Dataset records
BEGIN

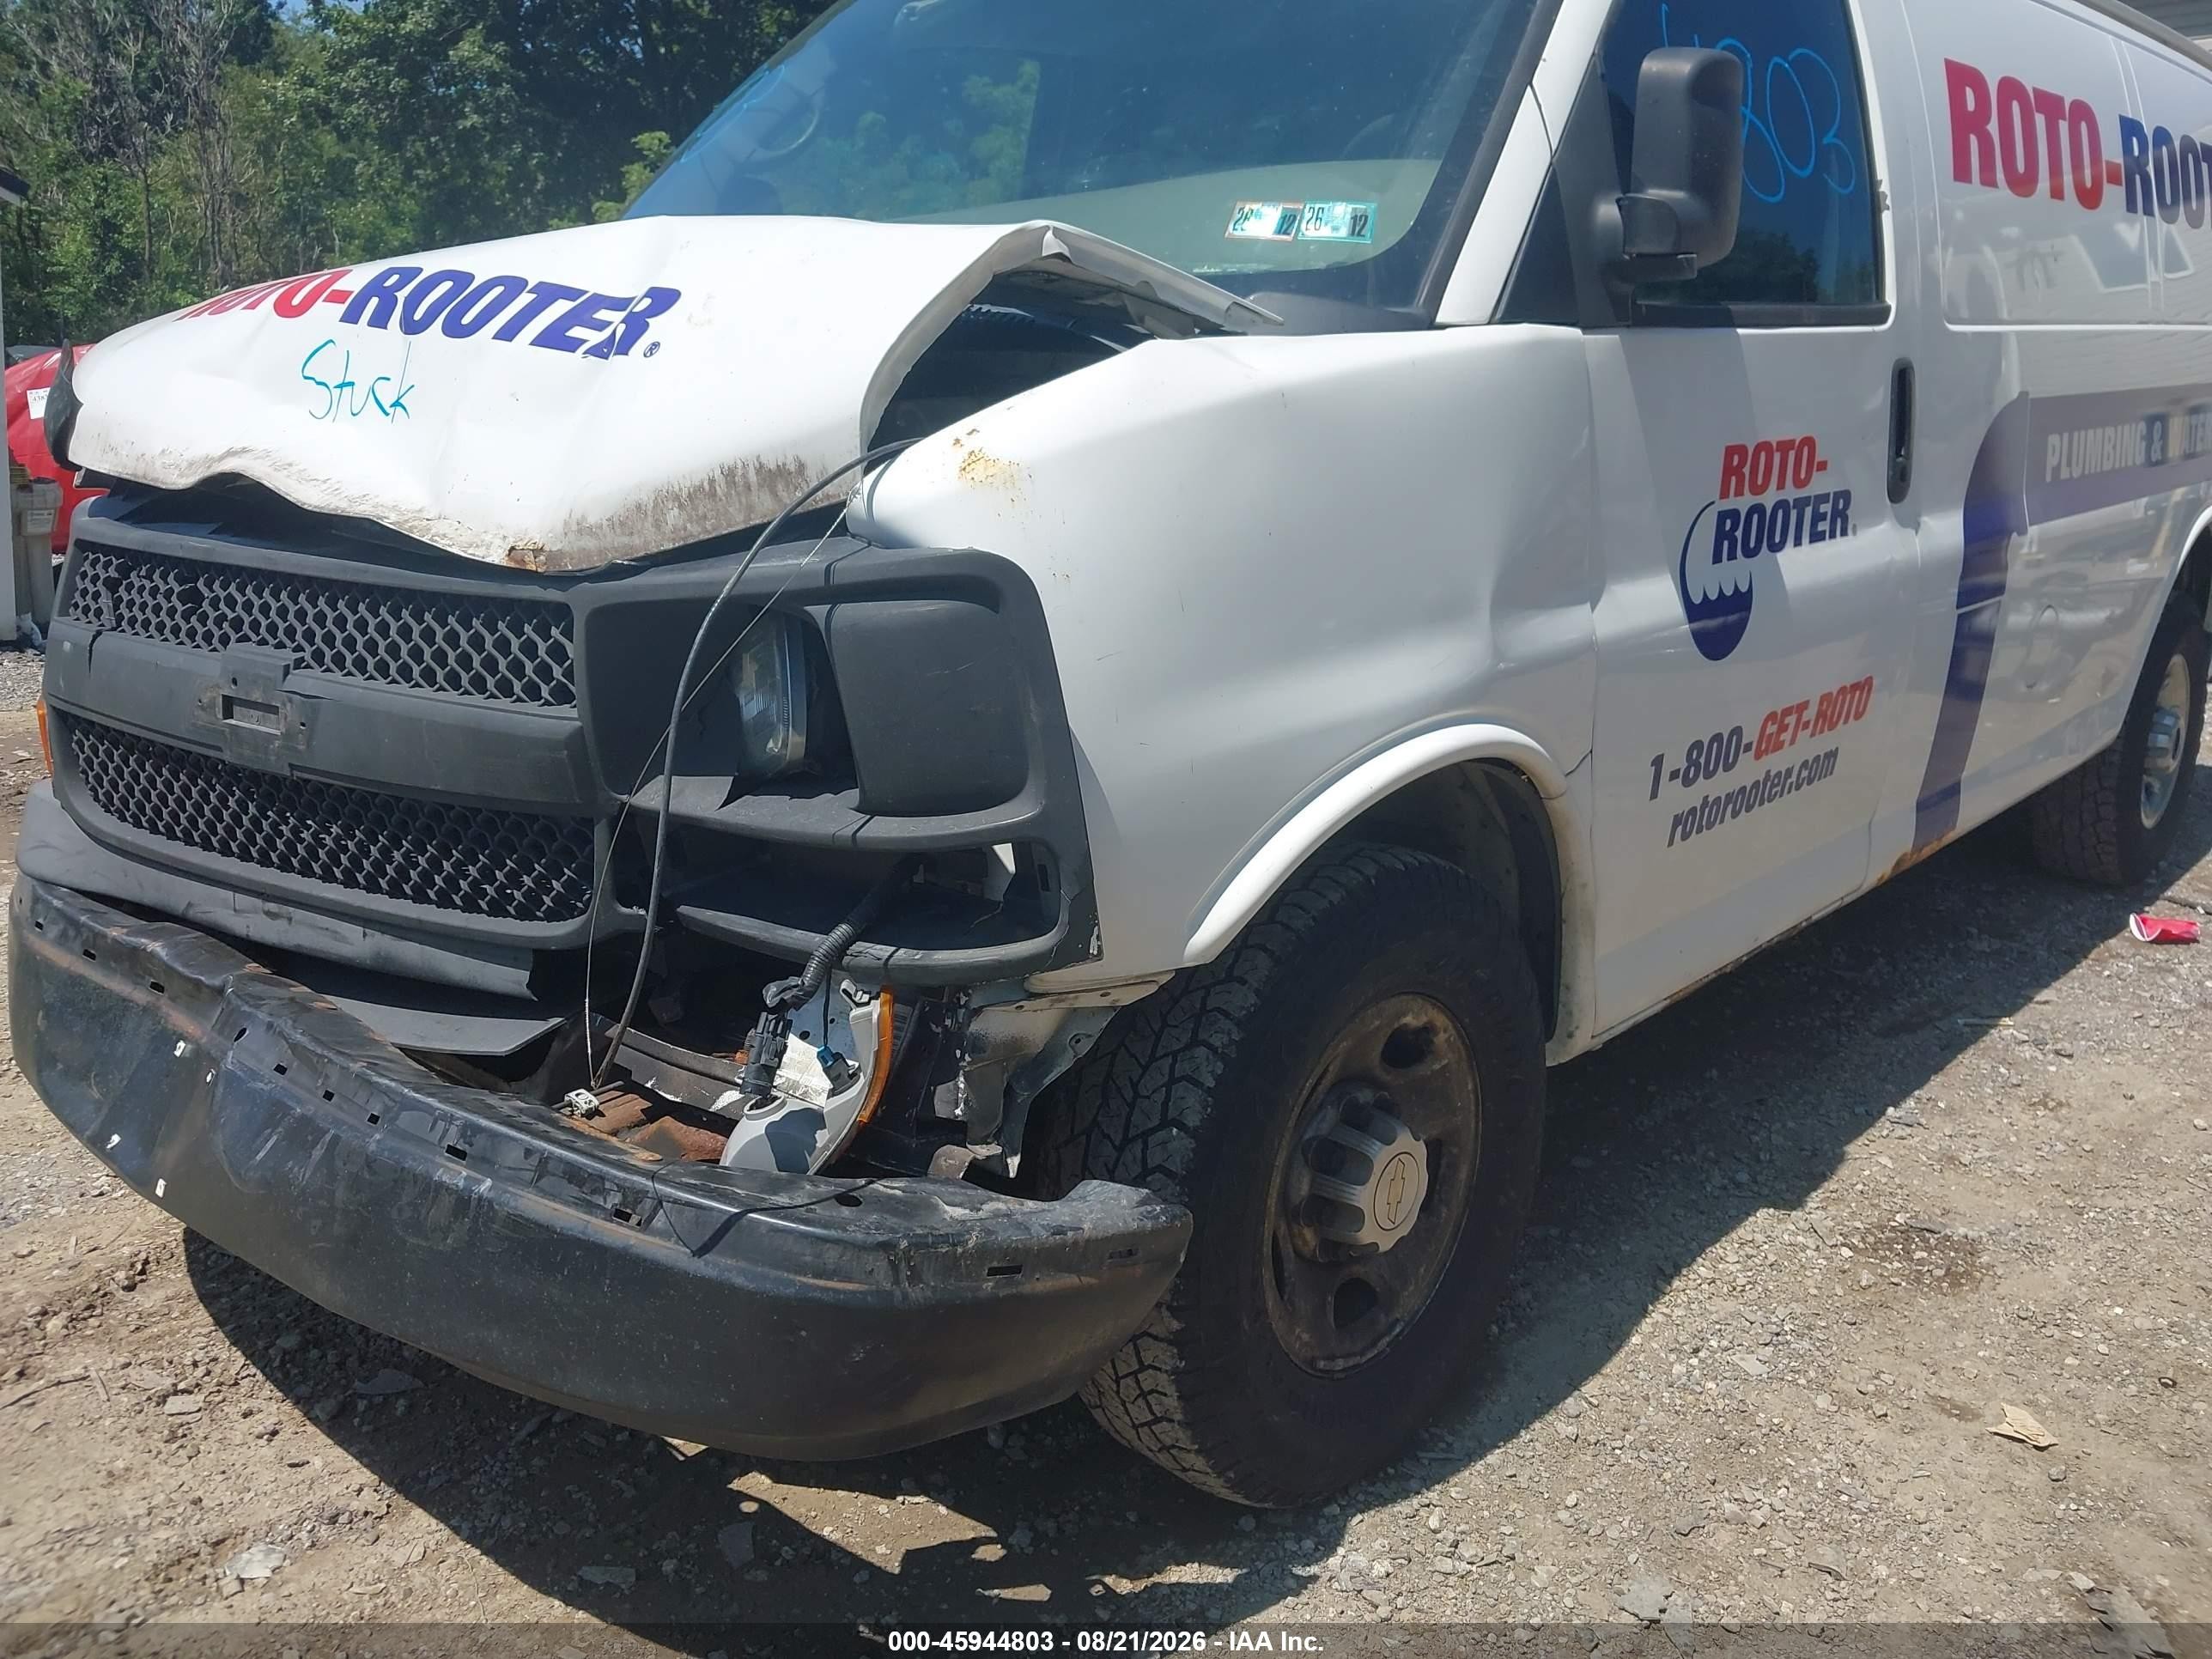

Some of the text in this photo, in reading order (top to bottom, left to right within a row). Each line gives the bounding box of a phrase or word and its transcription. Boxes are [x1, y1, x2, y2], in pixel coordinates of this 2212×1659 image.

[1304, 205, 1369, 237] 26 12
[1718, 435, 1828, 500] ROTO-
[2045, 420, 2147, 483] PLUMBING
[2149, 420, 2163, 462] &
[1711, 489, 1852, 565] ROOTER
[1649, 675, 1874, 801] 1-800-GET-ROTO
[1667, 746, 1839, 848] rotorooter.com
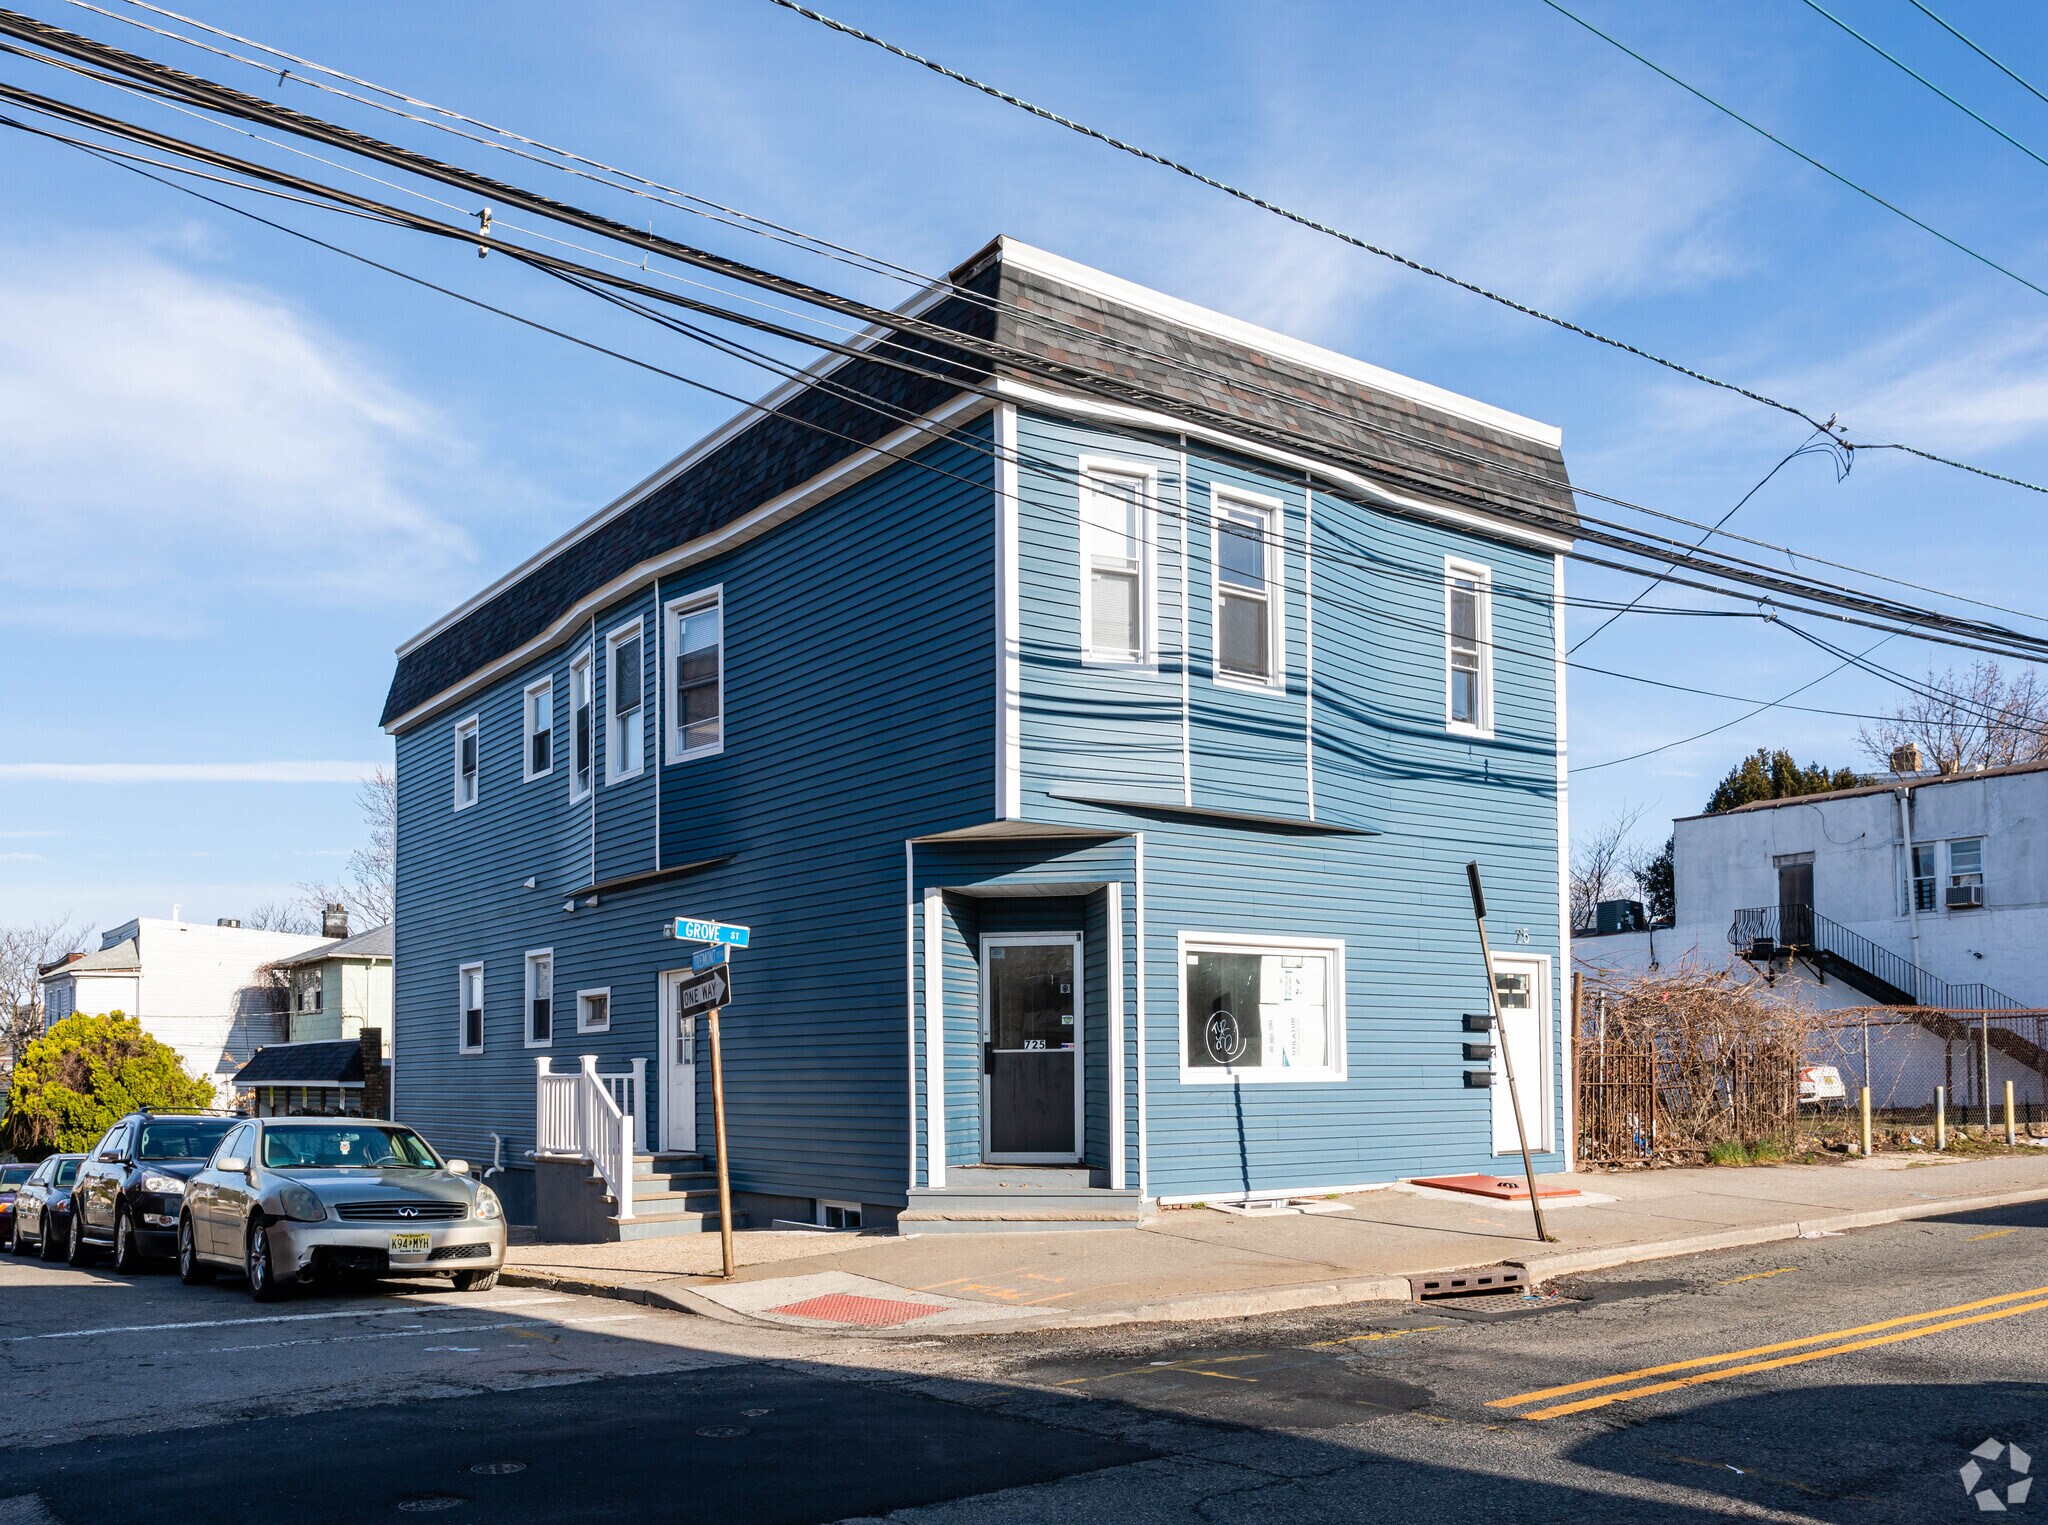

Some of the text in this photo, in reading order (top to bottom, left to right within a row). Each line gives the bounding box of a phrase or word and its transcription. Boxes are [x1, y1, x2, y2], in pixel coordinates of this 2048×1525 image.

END

ASSIGNED TASK: Restate each record from above word for word, excluding any picture it holds.

SOLUTION TO THIS EXERCISE:
Some of the text in this photo, in reading order (top to bottom, left to right within a row). Each line gives the bounding box of a phrase or word and its transcription. Boxes are [x1, y1, x2, y2], in pixel coordinates of this 2212×1659 image.

[1304, 205, 1369, 237] 26 12
[1718, 435, 1828, 500] ROTO-
[2045, 420, 2147, 483] PLUMBING
[2149, 420, 2163, 462] &
[1711, 489, 1852, 565] ROOTER
[1649, 675, 1874, 801] 1-800-GET-ROTO
[1667, 746, 1839, 848] rotorooter.com

Some of the text in this photo, in reading order (top to bottom, left to right within a row). Each line gives the bounding box of a phrase or word and its transcription. Boxes are [x1, y1, x2, y2], in pixel coordinates of this 2048×1525 image.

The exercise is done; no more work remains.